You have a brilliant idea, which may be the next ground-breaking invention in your field of practice. Before you invest any of your time and financial resources in further developing the idea, performing feasibility tests and creating prototypes, there are a number of crucial issues which you should consider. Some initial key issues are summarised in this article to assist you to make the most out of your invention.
Do you own the invention?
In general, an employer may claim ownership of any intellectual property created by an employee arising “in the course of employment”. If you are employed by a university, a hospital or a research institution, even on a part-time basis, there is a possibility that the university, hospital or research institution may be entitled to claim ownership of your invention if it is created “in the course of your employment” with them.
Whether an invention is created by an employee “in the course of employment” will depend on a number of factors. These include, in general:
- whether it is within the duty of the employee to create the invention;
- whether the employer has directed the employee to create the invention;
- whether the employee has used the confidential information or intellectual property of the employer to create the invention; and
- whether the employee has used other resources of the employer (e.g. computers) to create the invention or develop the invention during working hours.
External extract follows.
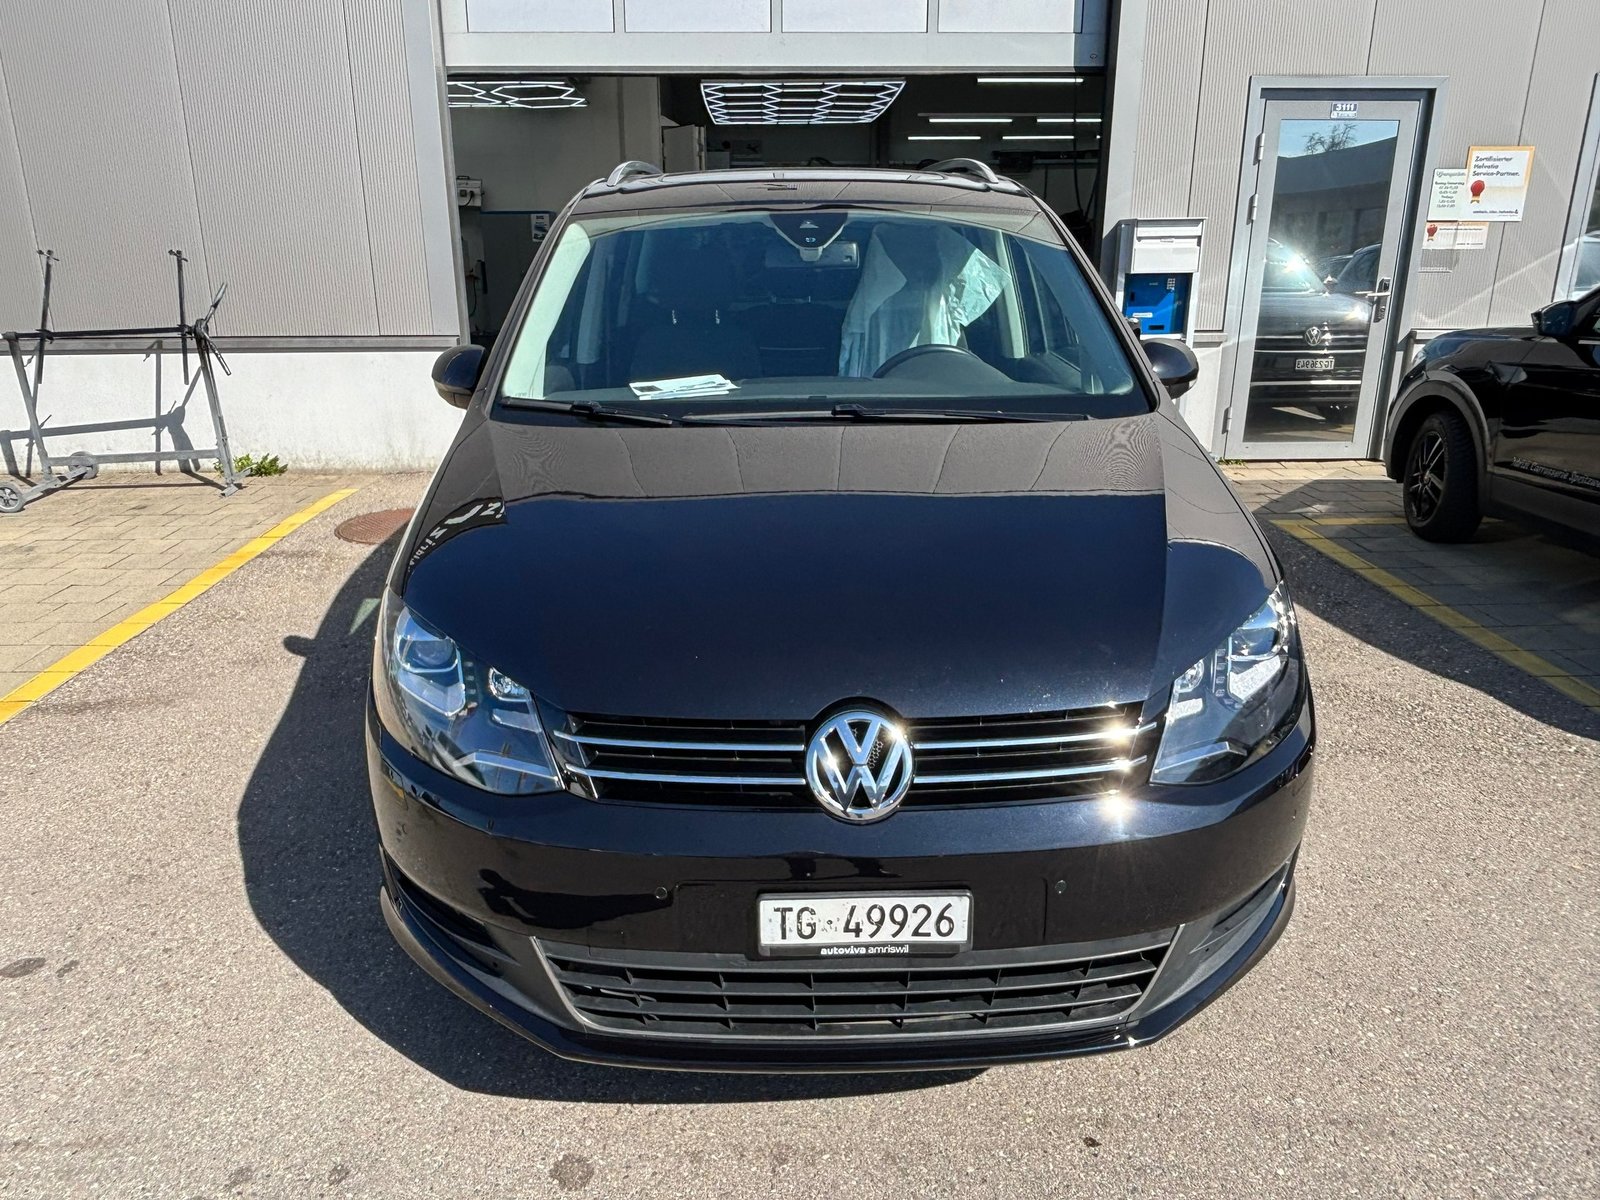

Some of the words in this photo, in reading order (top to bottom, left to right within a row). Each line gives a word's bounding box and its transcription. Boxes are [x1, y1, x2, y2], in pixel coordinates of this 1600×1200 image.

In addition, an employee may owe “fiduciary duties” to an employer (e.g. where the employee is also a director of the employer company). In some circumstances, when there is a breach of such “fiduciary duties”, a court may require an employee to forego ownership of the invention created by the employee in breach of such duties.
If you are an employee of, or otherwise affiliated with a university, hospital or research institution, it would also be prudent to review your employment contract, as it may contain clauses that go beyond the above general position, such as automatically transferring ownership rights to your employer of any invention you created during the term of your employment, regardless of whether the invention arises from the “course of your employment”. Lastly, you should check the intellectual property policy of the organisations with which you are affiliated regarding ownership of inventions.
If you plan to engage someone to assist with the development of your invention (e.g. a software developer), you should enter into a contract with such person to ensure that all intellectual property generated by that person is to be assigned to you. In general, in the absence of any contract which provides that ownership of such intellectual property is owned by you, such intellectual property will be owned by your contractor.
To publish or not to publish
Do not publish or present (or submit to publish or present) your invention before you seek advice from your intellectual property advisor. This is because publishing or presenting your invention in journals and conferences may compromise the scope of protection you may obtain for your invention. For example, if you wish to protect your invention by seeking a patent, the invention must satisfy certain criteria before the patent is granted. One of these criteria is that the invention must be novel (or new) when assessed against the “prior art”. If you publish a paper or present your invention in a conference before you file for a patent, your paper and your presentation may be cited against your own patent application as “prior art”, although there may be a “grace period” (depending on the jurisdiction for which you are seeking a patent) for certain types of disclosure, which allows the invention to satisfy the novelty criteria if the patent application is filed within a certain period, notwithstanding the disclosure.
Keep it confidential
It is vital that you keep any information about your invention confidential. The people to whom you disclose your invention may think it is a brilliant idea and file for patent protection before you. If you need to discuss your invention with third parties for the purpose of collaboration or engaging them to perform work for you to further develop the invention, make sure there is a contract in place that contains confidentiality obligations and addresses intellectual property ownership issues.
Secretly using your invention for commercial purposes may also destroy the patentability of your invention.
Not all inventions may be protected by patents.
A patent is, generally speaking, a right granted by the government of a country to the patent owner, allowing the patent owner to exclude others from commercially exploiting the invention within that country. If you wish to seek patent protection in multiple countries, you will need to apply for patent protection in all those countries.
Although patentability requirements may differ slightly in different countries, in general they are similar. In Australia, the key patent requirements include:
- novelty – the invention must be new and not disclosed publicly in any form, anywhere in the world as at the date of the first filed application;
- inventiveness – the invention must be more than an obvious extension, variation or combination of prior inventions which could be brought about by an ordinary person skilled in the art;
- utility– the invention must be useful, i.e. the invention should achieve what you say it will;
- manner of manufacture – the invention must have resulted from human activity, i.e. it is not a naturally occurring substance, or a natural phenomenon (e.g. discovery of the law of gravity). A mathematical formula describing a natural phenomenon is not a manner of manufacture and will not be patentable.
Intellectual property takes a number of forms, each with its own specific manner of protection. If your invention is not patentable, other forms of intellectual property protection may be available. For example, computer programmes may be protected by copyright; appearance or visual features of a product may be protected by design registrations; or you may simply wish to keep your invention a trade secret.
To bring an invention to commercialisation is not a simple exercise. Early consideration of how the invention may be protected will assist in reducing the number of issues that may arise at a later stage, which may compromise your scope of protection and in turn, the commercial return of your invention.